Libyan Prime Minister Ali Zidan has assured the family he had no prior knowledge of the American operation to snatch al-Libi: the Americans say the Libyan government gave tacit approval. Zidan's mainly Islamist political foes don’t believe him and are now demanding he resign.
Libyan-born Abu Anas al-Libi has had a $5 million price on his head for more than a decade, and American officials have for years classified the 49-year-old as one of the most wanted terrorists in the world, claiming he was behind the 1998 U.S. embassy bombings in Kenya and Tanzania that left 224 civilians dead.
A week ago the manhunt ended when he was snatched by a U.S. Special Forces team as he was returning from dawn prayers to his home in a middle-class district of Tripoli. But his wife of 22 years, Umm Abdul Rahman, and his three sons insist he is innocent of any crimes, arguing he is a Libyan patriot, an easy-going husband and a kind father. “My husband was affiliated with al-Qaida a long time ago. But he was never a senior leader in al-Qaida. He was a member. But in 1996 he totally broke off with al-Qaida,” she explained.
Speaking with VOA in the family’s cramped two-bedroom apartment, Rahman said al-Libi went to Afghanistan in the 1980s to fight the Russians and gravitated to Osama bin Laden after he was badly wounded in 1988 in the battle for Jalalabad.

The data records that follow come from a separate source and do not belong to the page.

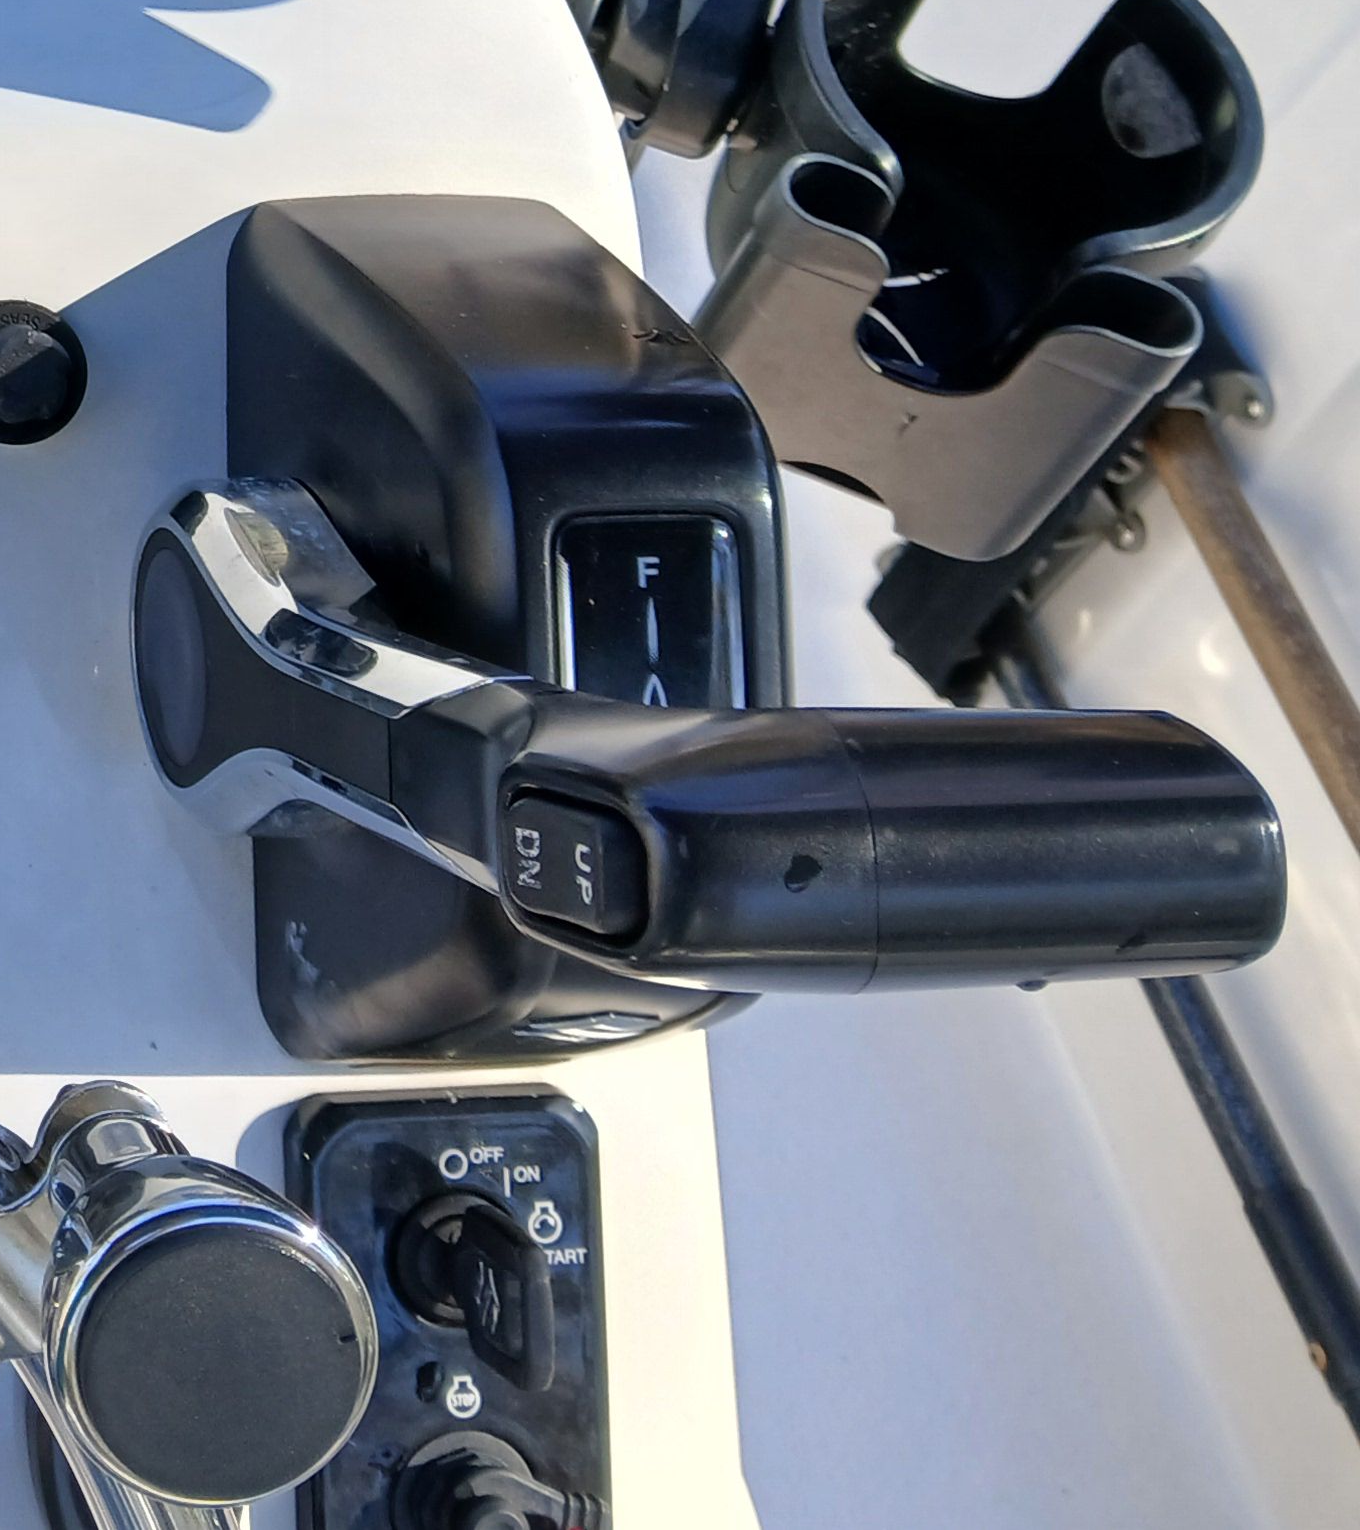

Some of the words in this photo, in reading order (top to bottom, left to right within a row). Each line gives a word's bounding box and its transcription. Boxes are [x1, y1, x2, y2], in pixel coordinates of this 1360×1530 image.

[637, 556, 661, 589] F
[515, 827, 542, 889] DN
[575, 843, 593, 905] UP
[469, 1147, 504, 1164] OFF
[513, 1166, 541, 1183] ON
[546, 1248, 587, 1264] TART
[450, 1392, 476, 1408] STOP
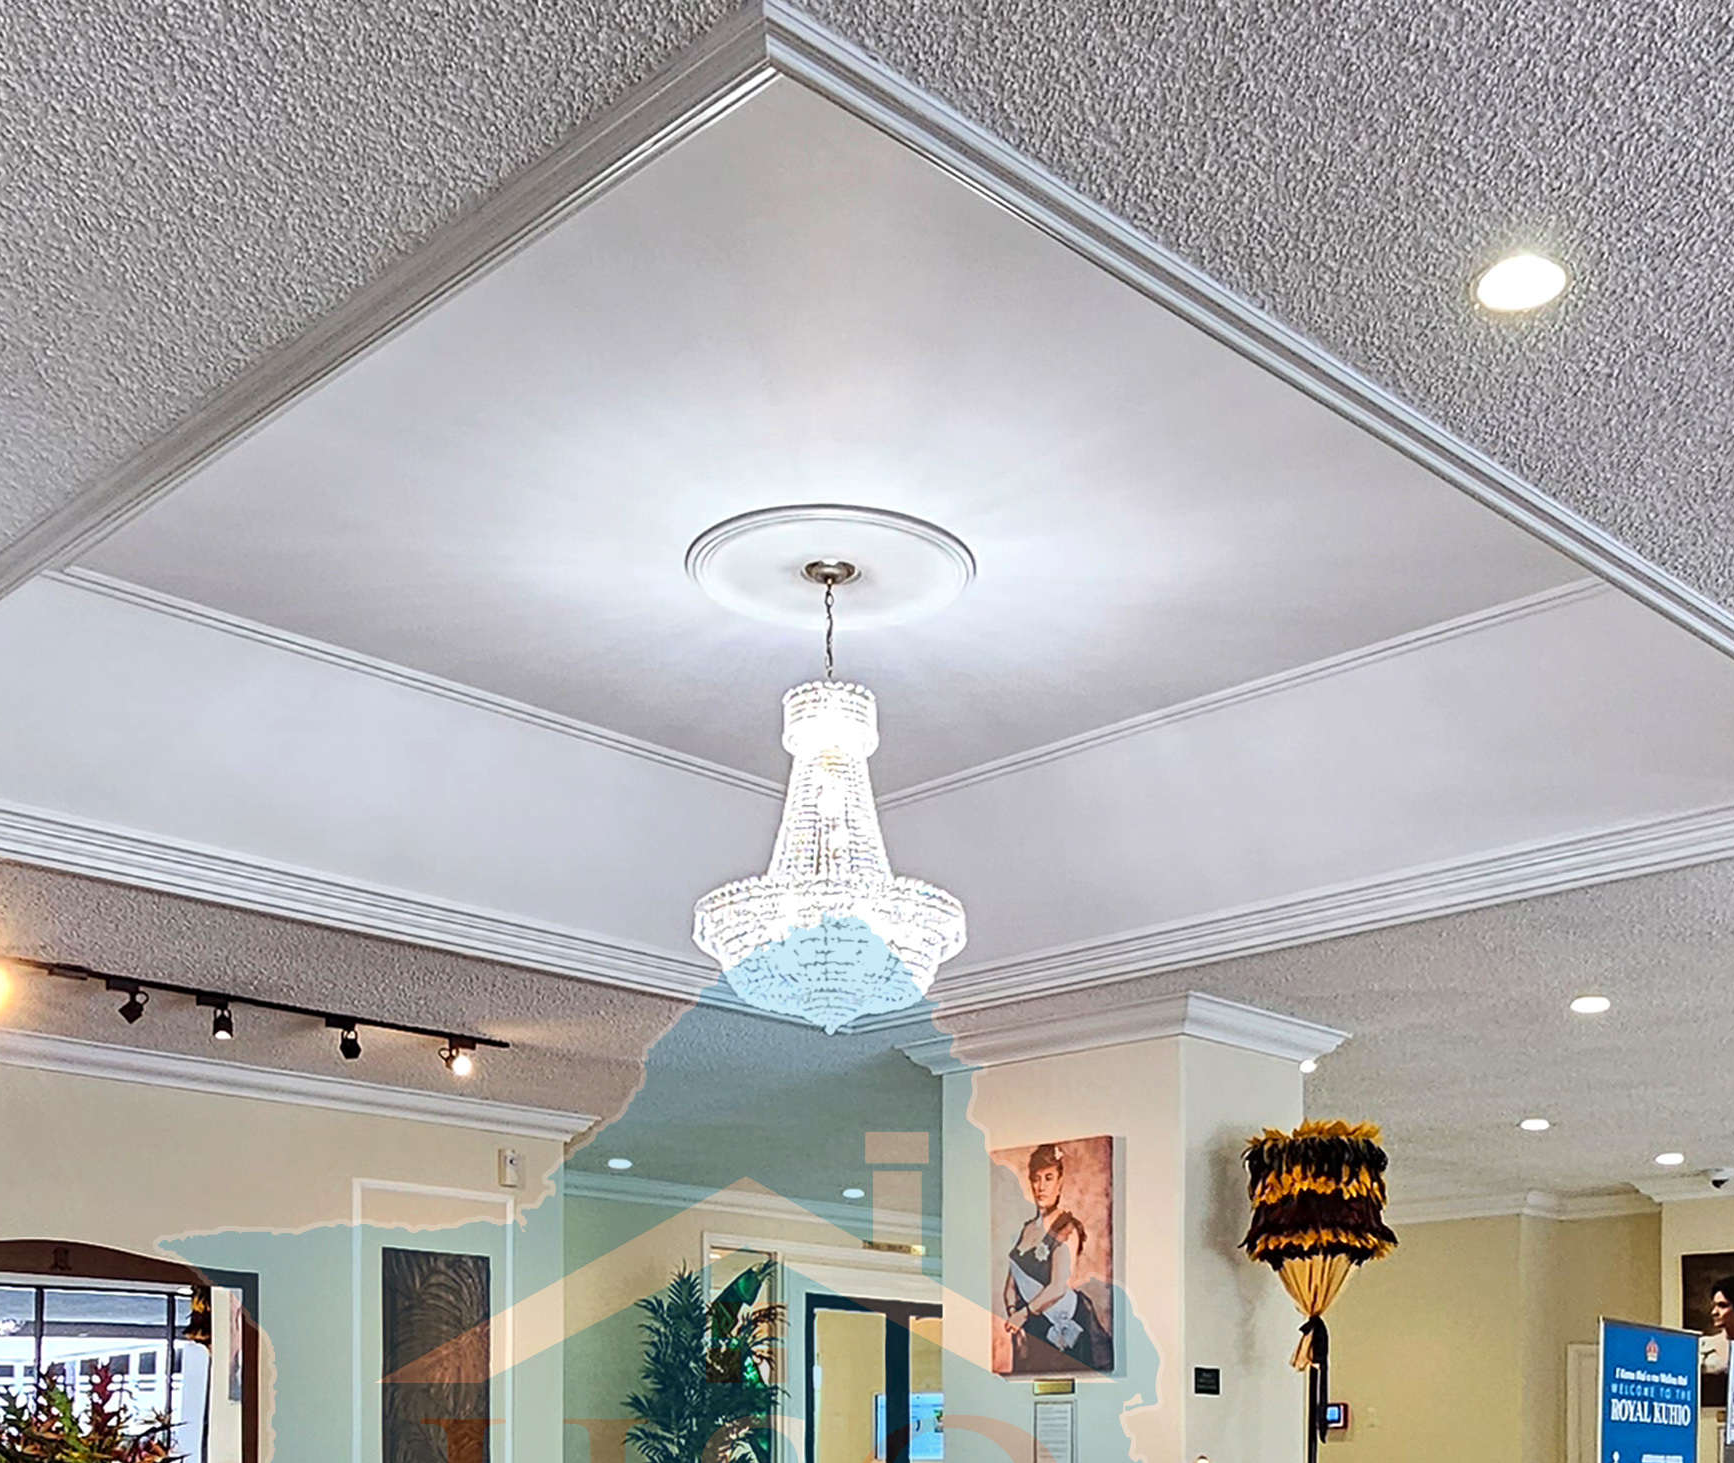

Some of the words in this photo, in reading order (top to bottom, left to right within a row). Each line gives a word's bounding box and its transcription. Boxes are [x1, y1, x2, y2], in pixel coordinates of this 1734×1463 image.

[1610, 1383, 1655, 1398] WELCOME
[1660, 1386, 1672, 1400] TO
[1676, 1388, 1692, 1402] THE
[1610, 1398, 1652, 1423] ROYAL
[1653, 1401, 1692, 1427] KUHIO

She said he became disillusioned with al-Qaida’s focus on American and Western targets, opting instead to join the Libyan Islamic Fighting Group, Islamist dissidents who tried for two decades to oust longtime Libyan dictator Colonel Moammar Gadhafi.
“He broke off with al-Qaida for several reasons. But when he got to know the men at the Libyan Islamic Fighting Group they had a common vision, a common cause, a common enemy, which was the Gadhafi regime and they wanted to remove or overthrow this regime,” Rahman stated.

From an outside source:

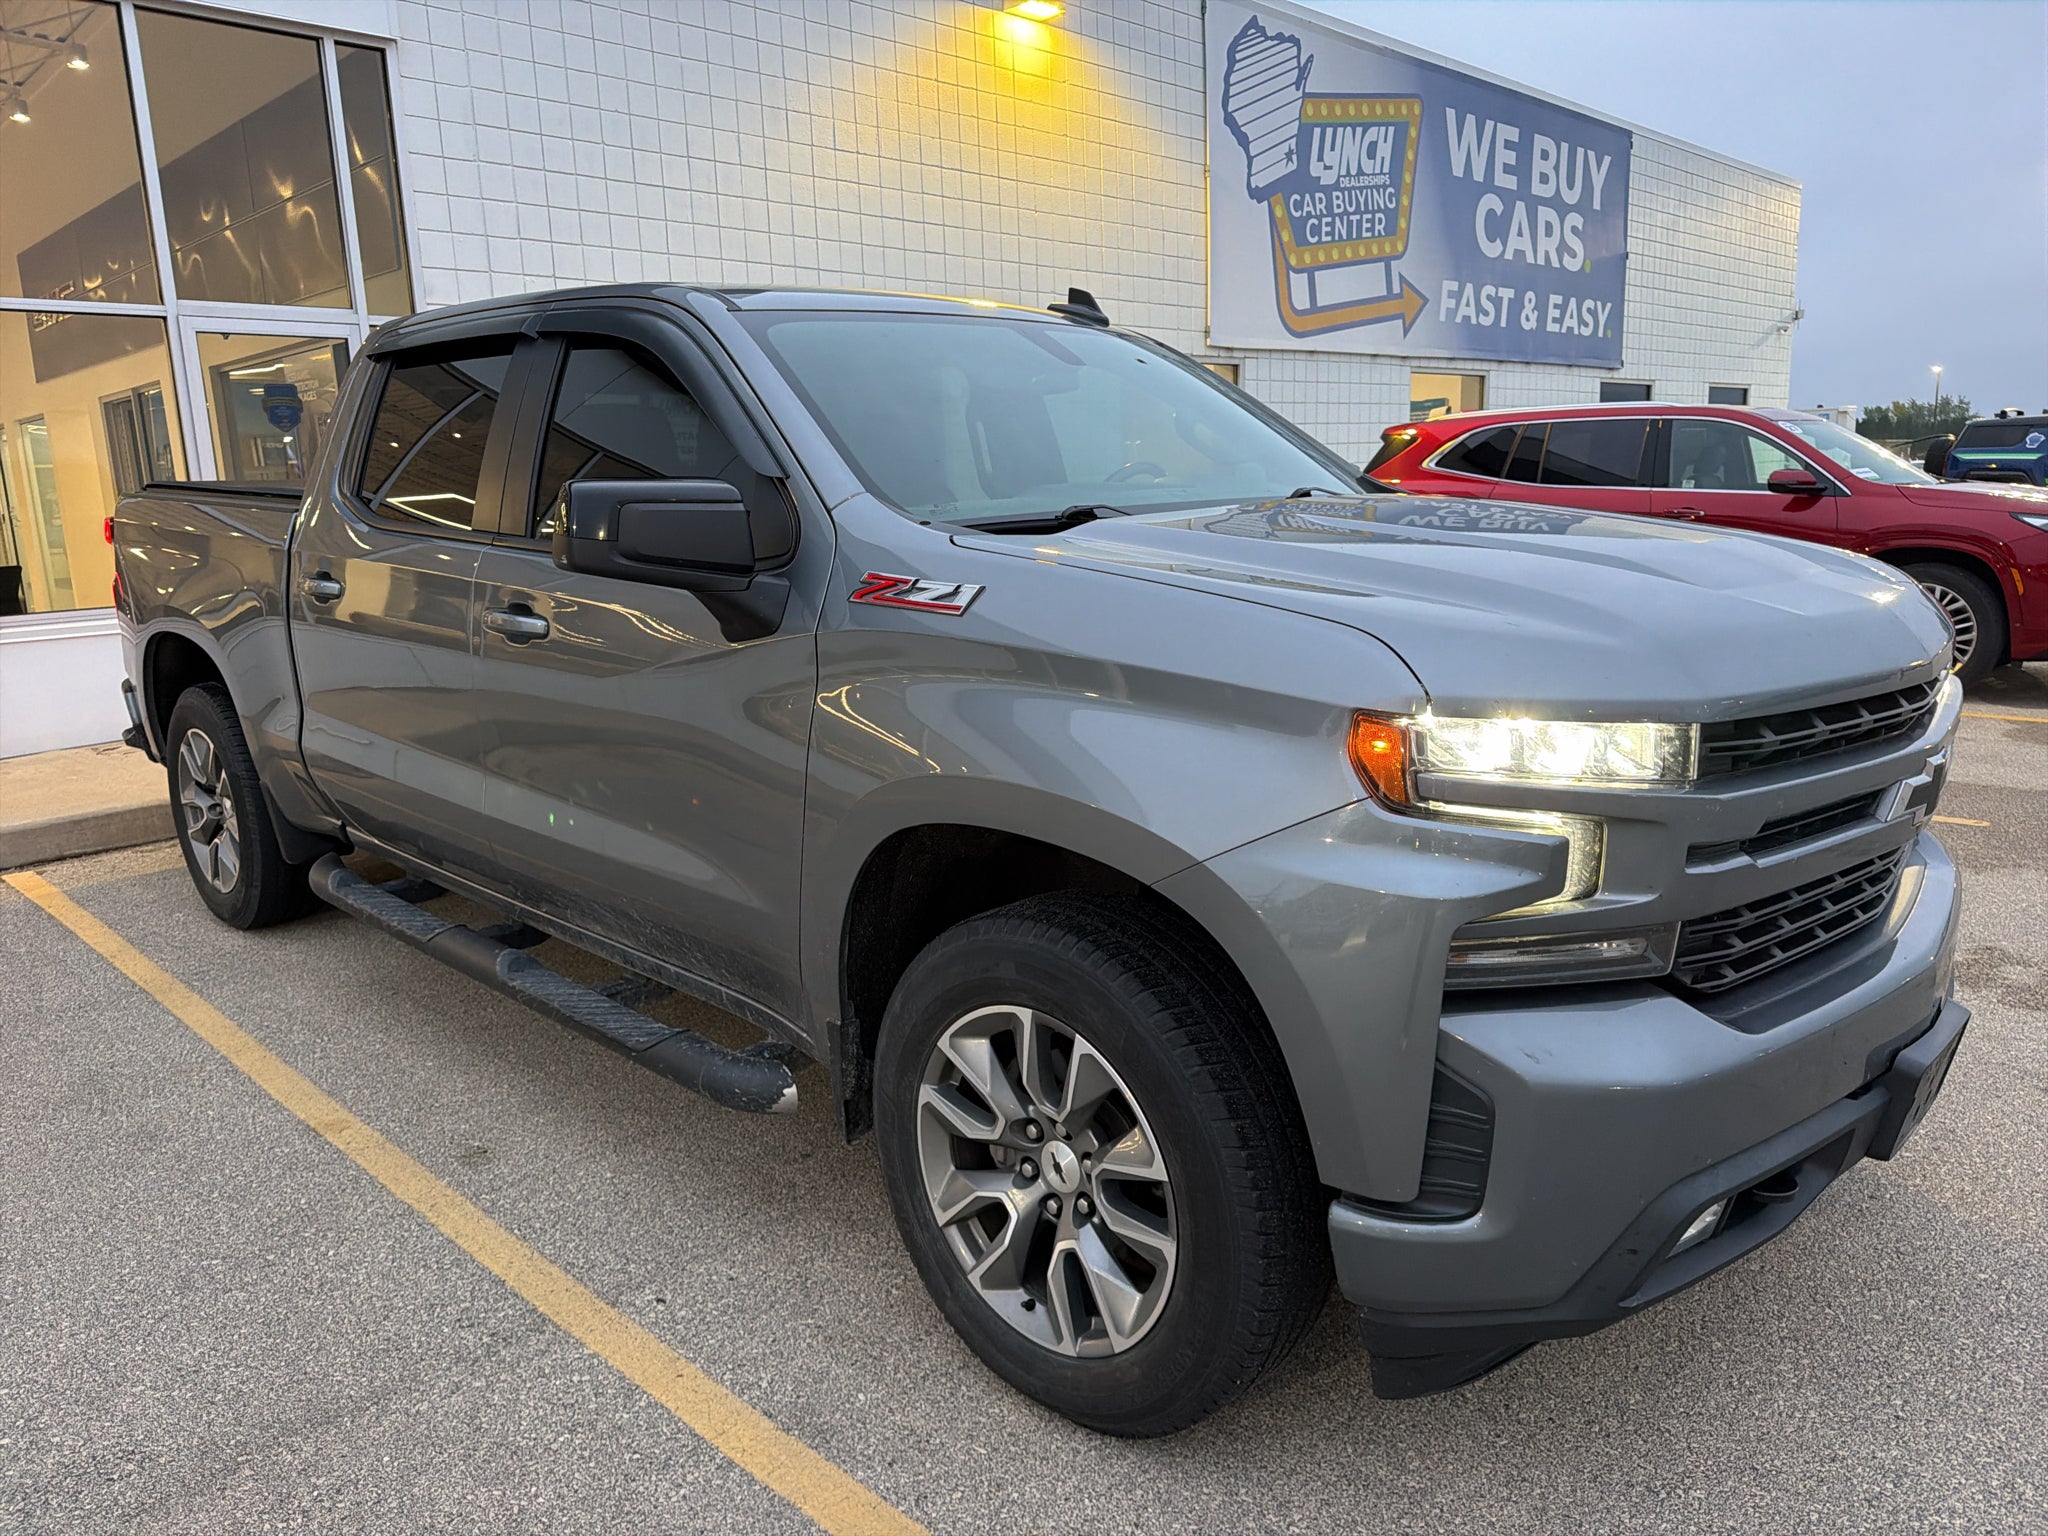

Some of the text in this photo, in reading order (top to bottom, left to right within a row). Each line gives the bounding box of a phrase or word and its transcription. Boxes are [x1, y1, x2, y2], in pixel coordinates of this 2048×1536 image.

Al-Libi and his family lived a peripatetic existence that included spells in Sudan, Qatar and Britain. They endured years of imprisonment in Iran after fleeing Afghanistan when the U.S. invaded.
And now she worries about her husband, who is being held reportedly on board a U.S. warship in the Mediterranean. U.S. officials say al-Libi took surveillance photographs in 1993 of the Nairobi embassy and reviewed other possible Western targets for al-Qaida in east Africa. He was indicted with 20 others in 2000 by a court in New York, an indictment based on information supplied by an Egyptian jihadist who worked as a double agent for the CIA.
“These are false accusations and it is very hurtful and worrisome when the President of the United States like Obama characterizes my husband as a killer and a killer of hundreds without providing any evidence, without providing any proof. Isn’t the accused innocent until proven guilty?” asked Rahman.
“Our father was kidnapped we have no idea is he still alive," Al-Libi’s 20-year-old oldest son, Abdullah said. "Is he in good shape? Is he in bad shape? We want to talk to him. We want to reach out to him. We want to know how he’s doing. Right now we are just living that same day over and over, the day of the kidnapping. We don’t know how he’s doing.”
Libyan Prime Minister Ali Zidan has assured the family he had no prior knowledge of the American operation to snatch al-Libi: the Americans say the Libyan government gave tacit approval. Zidan's mainly Islamist political foes don’t believe him and are now demanding he resign.